• **PROVIDED ENTRIES**:
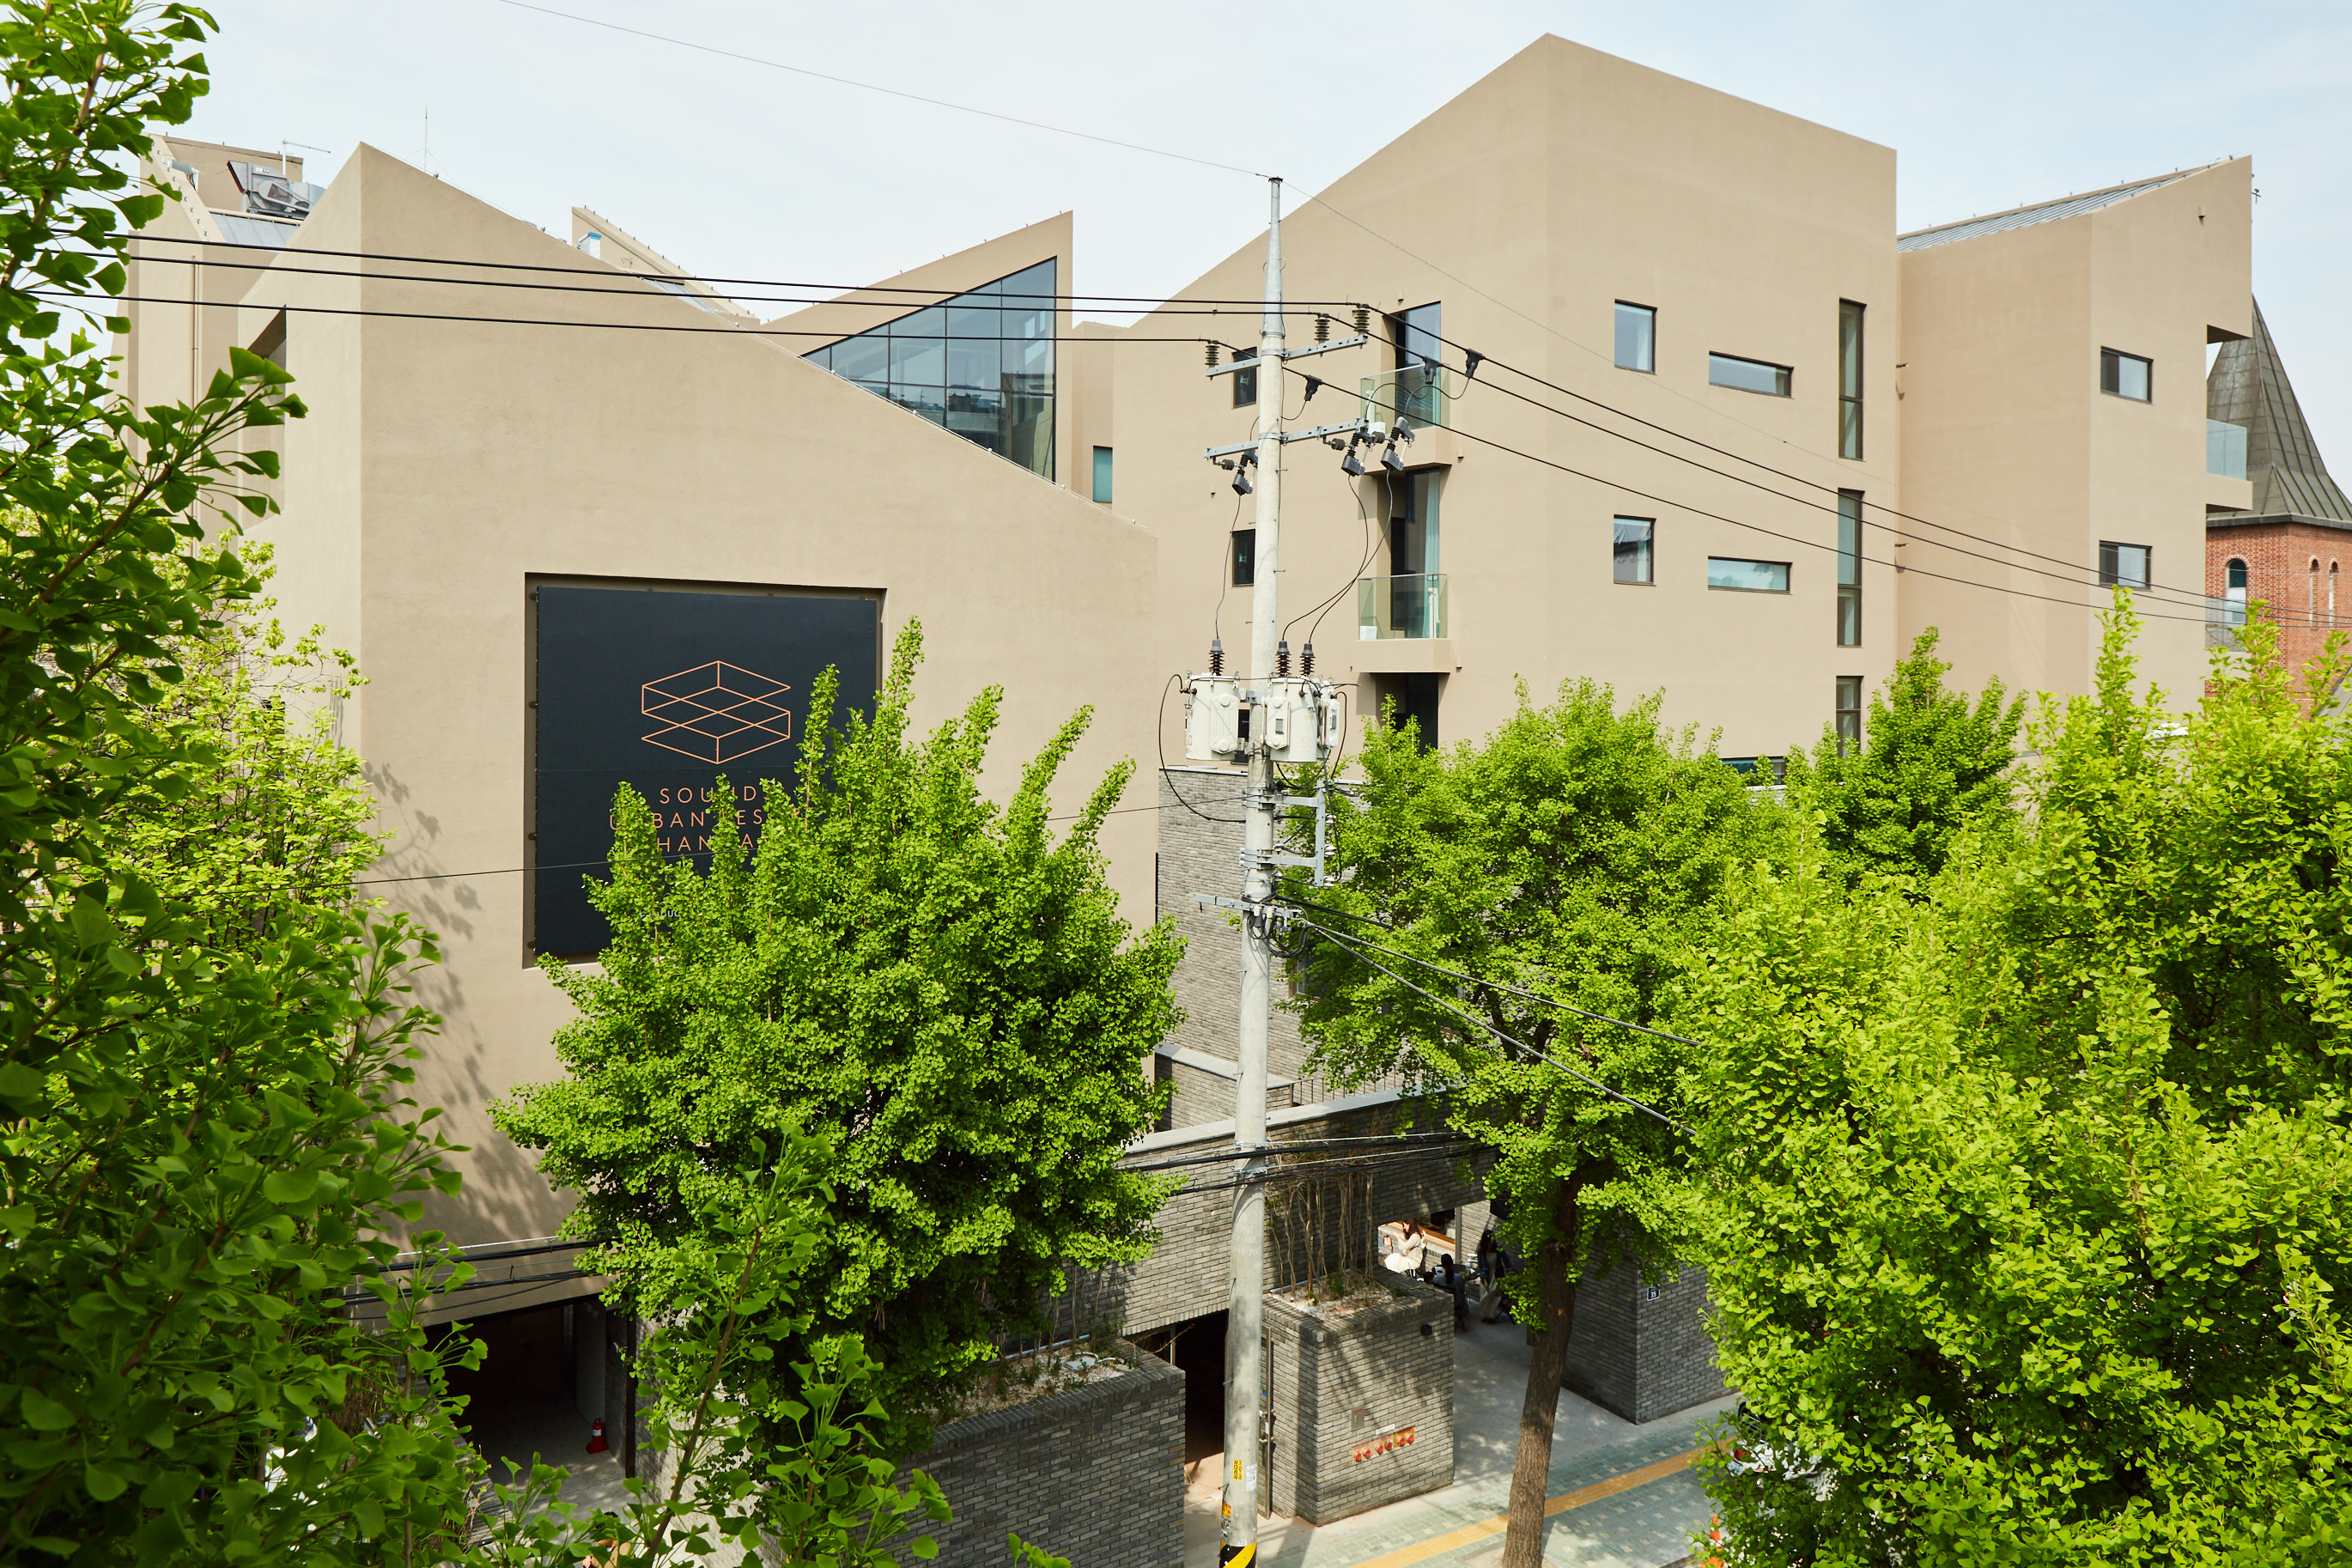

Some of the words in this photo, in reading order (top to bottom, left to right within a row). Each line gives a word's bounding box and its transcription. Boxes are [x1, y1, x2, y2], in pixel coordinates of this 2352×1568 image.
--
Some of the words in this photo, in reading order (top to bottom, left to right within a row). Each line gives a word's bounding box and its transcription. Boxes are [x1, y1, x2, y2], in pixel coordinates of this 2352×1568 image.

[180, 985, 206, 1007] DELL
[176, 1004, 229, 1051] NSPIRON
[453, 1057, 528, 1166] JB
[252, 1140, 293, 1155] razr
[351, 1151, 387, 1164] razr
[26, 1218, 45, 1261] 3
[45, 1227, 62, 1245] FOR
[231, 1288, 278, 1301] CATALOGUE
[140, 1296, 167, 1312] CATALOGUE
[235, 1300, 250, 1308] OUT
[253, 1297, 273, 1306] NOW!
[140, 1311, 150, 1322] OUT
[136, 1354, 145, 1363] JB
--
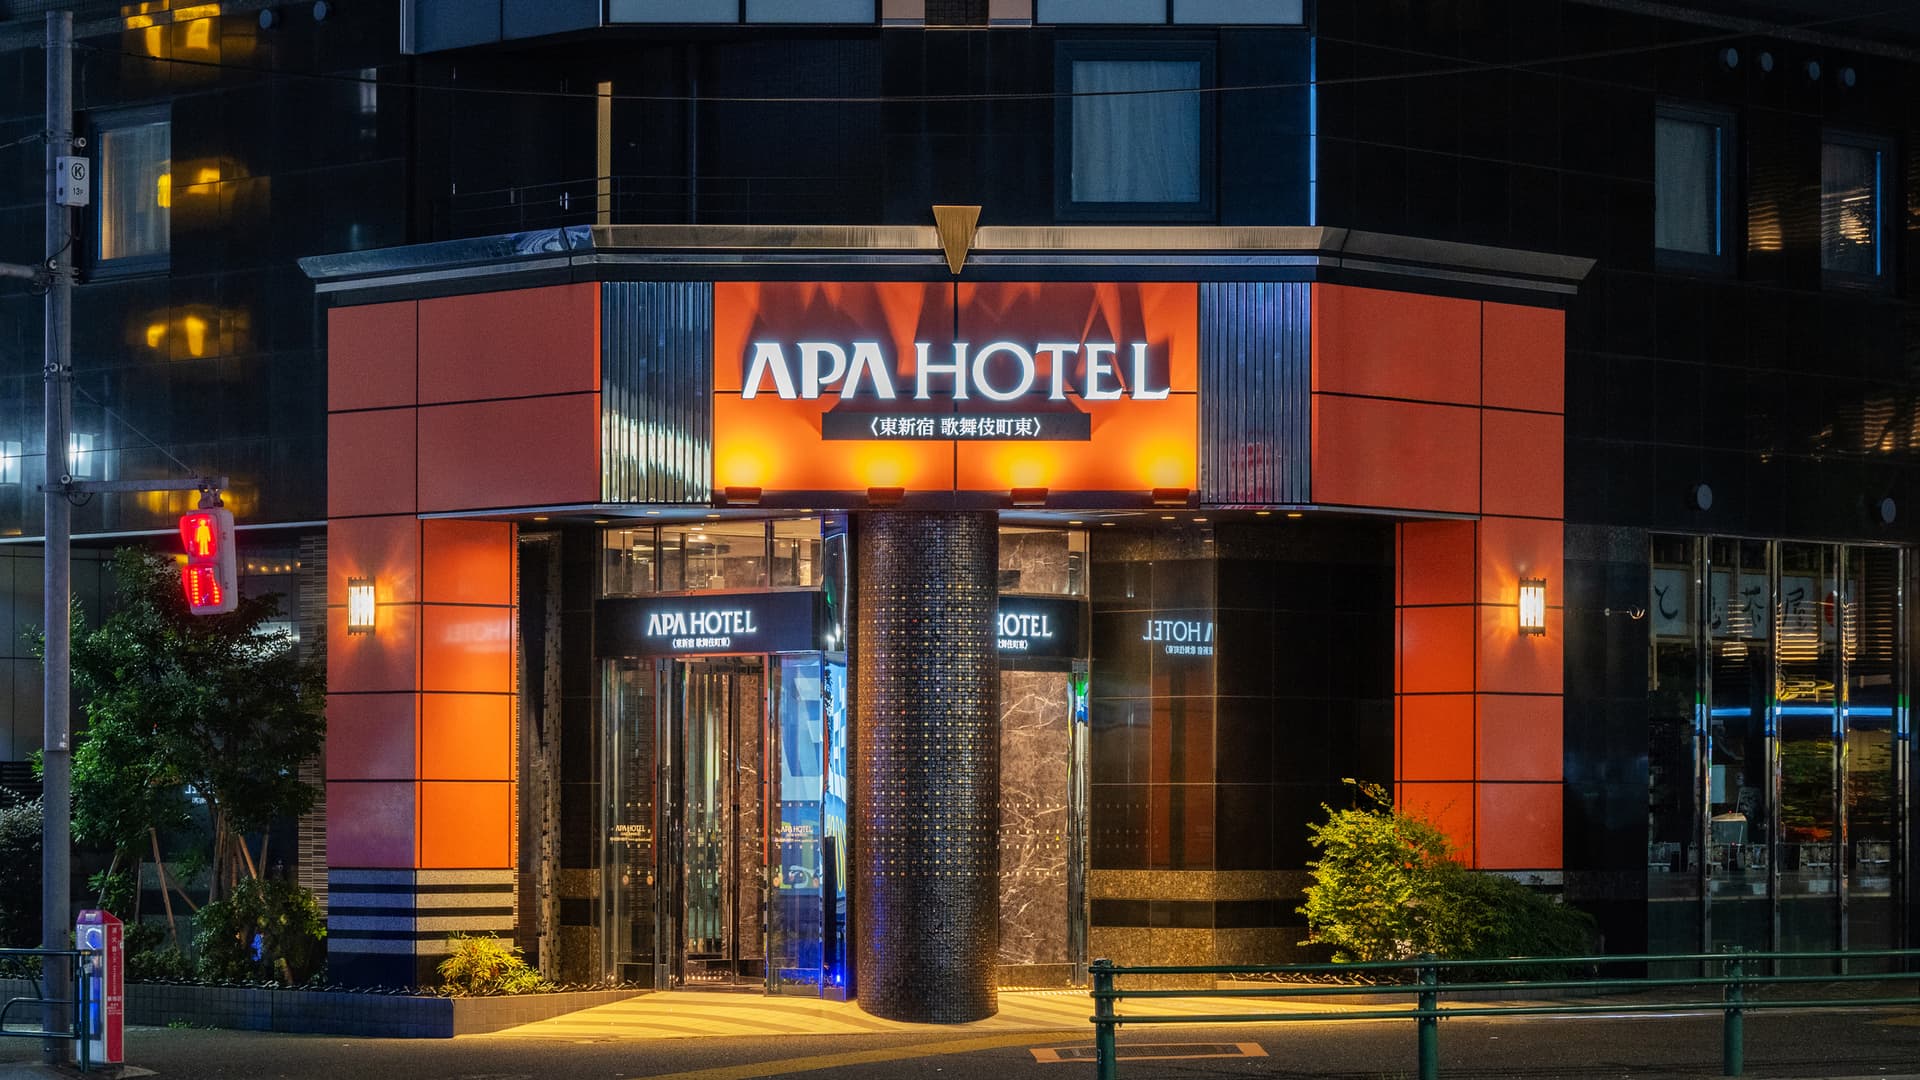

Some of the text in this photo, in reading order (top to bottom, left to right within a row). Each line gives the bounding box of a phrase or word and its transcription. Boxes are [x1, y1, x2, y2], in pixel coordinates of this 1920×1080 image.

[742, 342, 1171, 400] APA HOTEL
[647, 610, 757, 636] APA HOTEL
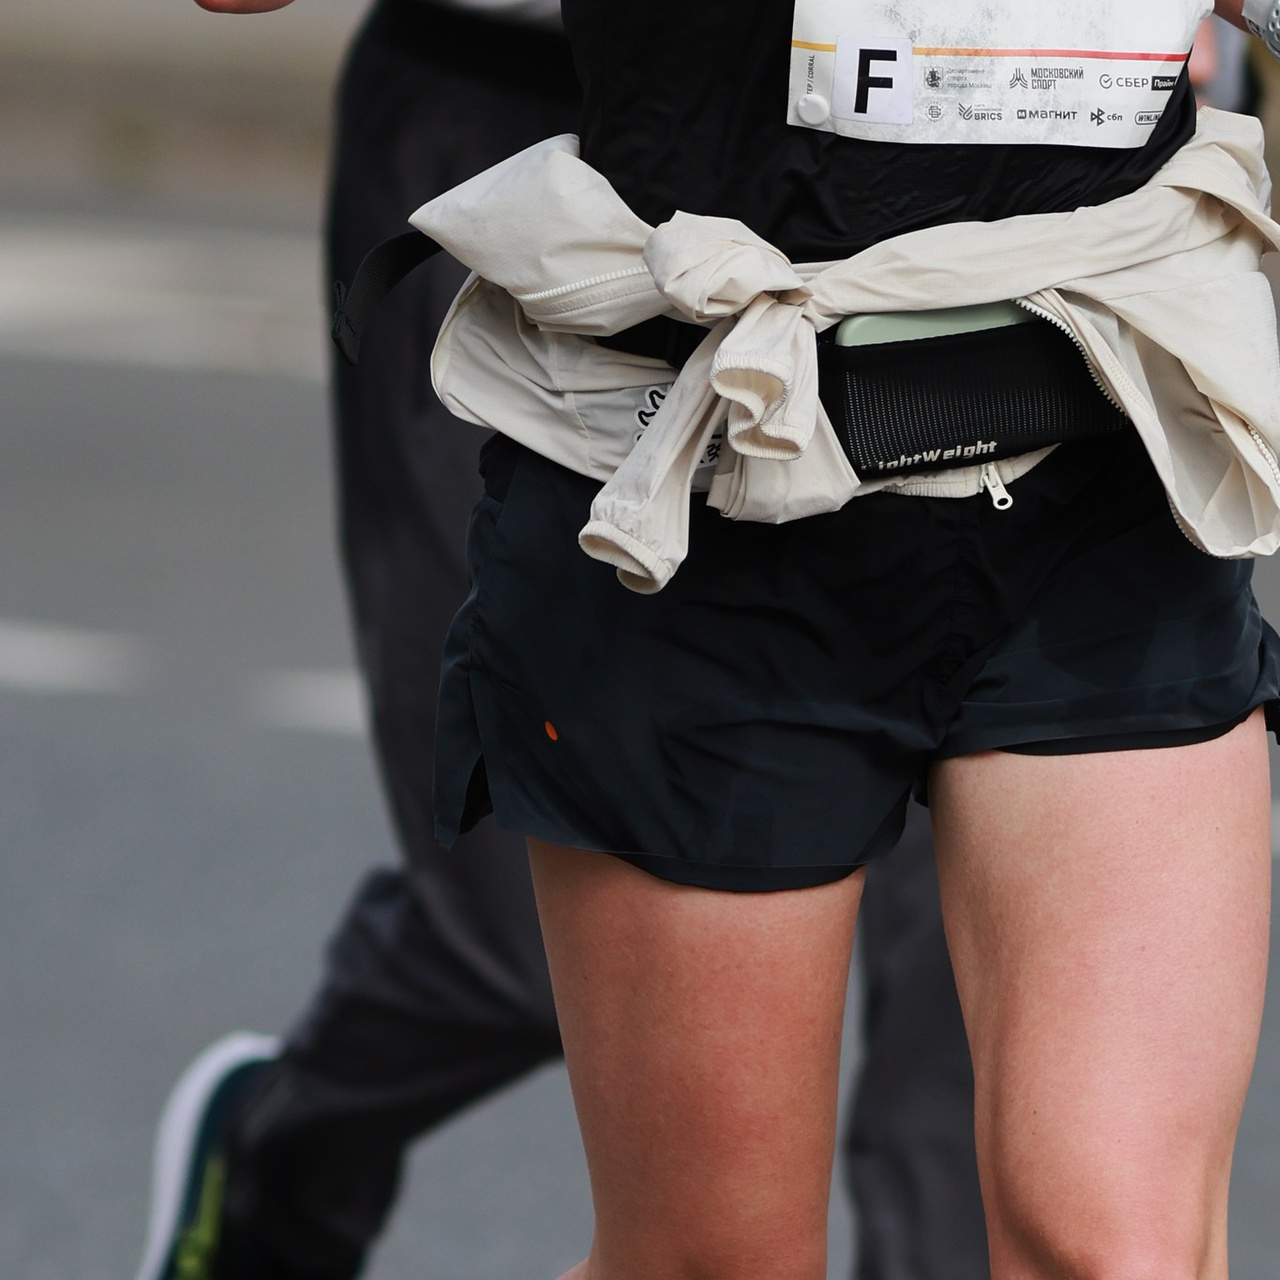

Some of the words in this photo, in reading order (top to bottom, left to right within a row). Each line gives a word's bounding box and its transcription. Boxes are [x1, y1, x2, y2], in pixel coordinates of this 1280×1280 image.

• **EXERCISE AIM**: Within the data above, repeat exactly the lines from the one bearing "Some of the text" through the one bearing "this 1280×1280 image.". Include no pictures and nothing else.

• **SOLUTION TO THIS EXERCISE**:
Some of the text in this photo, in reading order (top to bottom, left to right within a row). Each line gives the bounding box of a phrase or word and its transcription. Boxes are [x1, y1, x2, y2], in pixel coordinates of this 1920×1080 image.

[742, 342, 1171, 400] APA HOTEL
[647, 610, 757, 636] APA HOTEL

Some of the words in this photo, in reading order (top to bottom, left to right within a row). Each line gives a word's bounding box and its transcription. Boxes are [x1, y1, x2, y2], in pixel coordinates of this 1280×1280 image.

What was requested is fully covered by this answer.